_How to complete this task_:
All of the data that follows should be retyped exactly, please, except the pictures.

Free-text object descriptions

******************************

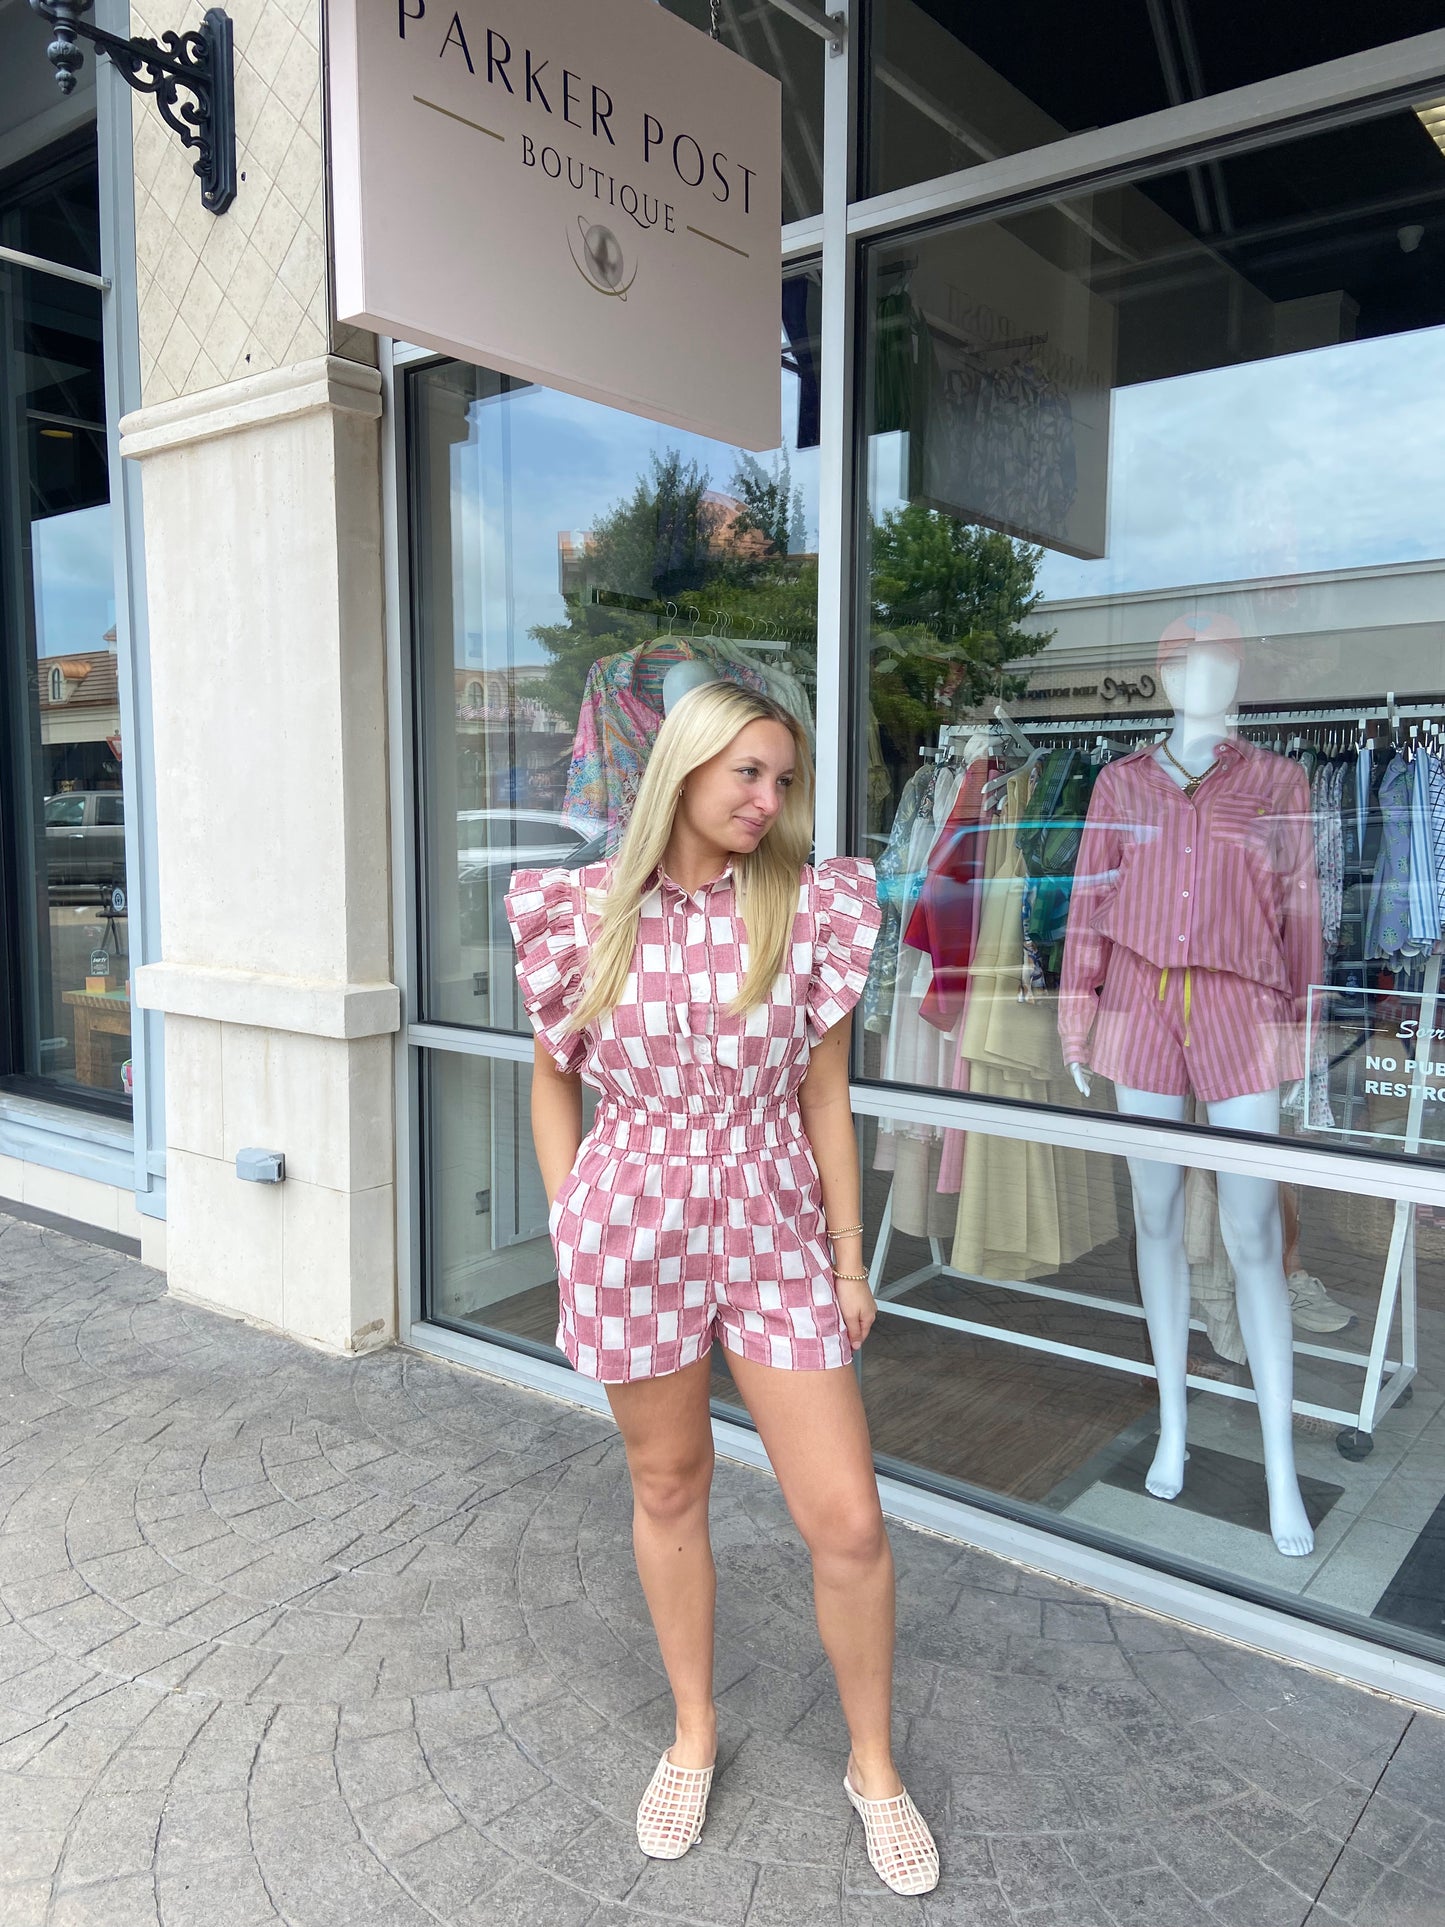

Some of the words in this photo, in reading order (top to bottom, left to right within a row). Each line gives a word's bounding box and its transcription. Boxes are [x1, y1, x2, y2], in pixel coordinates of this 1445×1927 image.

[398, 0, 615, 146] PARKER
[643, 113, 757, 213] POST
[521, 133, 675, 234] BOUTIQUE
[1365, 1055, 1397, 1072] NO
[1404, 1059, 1445, 1077] PUB

******************************

_Written reply_:
Some of the words in this photo, in reading order (top to bottom, left to right within a row). Each line gives a word's bounding box and its transcription. Boxes are [x1, y1, x2, y2], in pixel coordinates of this 1445×1927 image.

[398, 0, 615, 146] PARKER
[643, 113, 757, 213] POST
[521, 133, 675, 234] BOUTIQUE
[1365, 1055, 1397, 1072] NO
[1404, 1059, 1445, 1077] PUB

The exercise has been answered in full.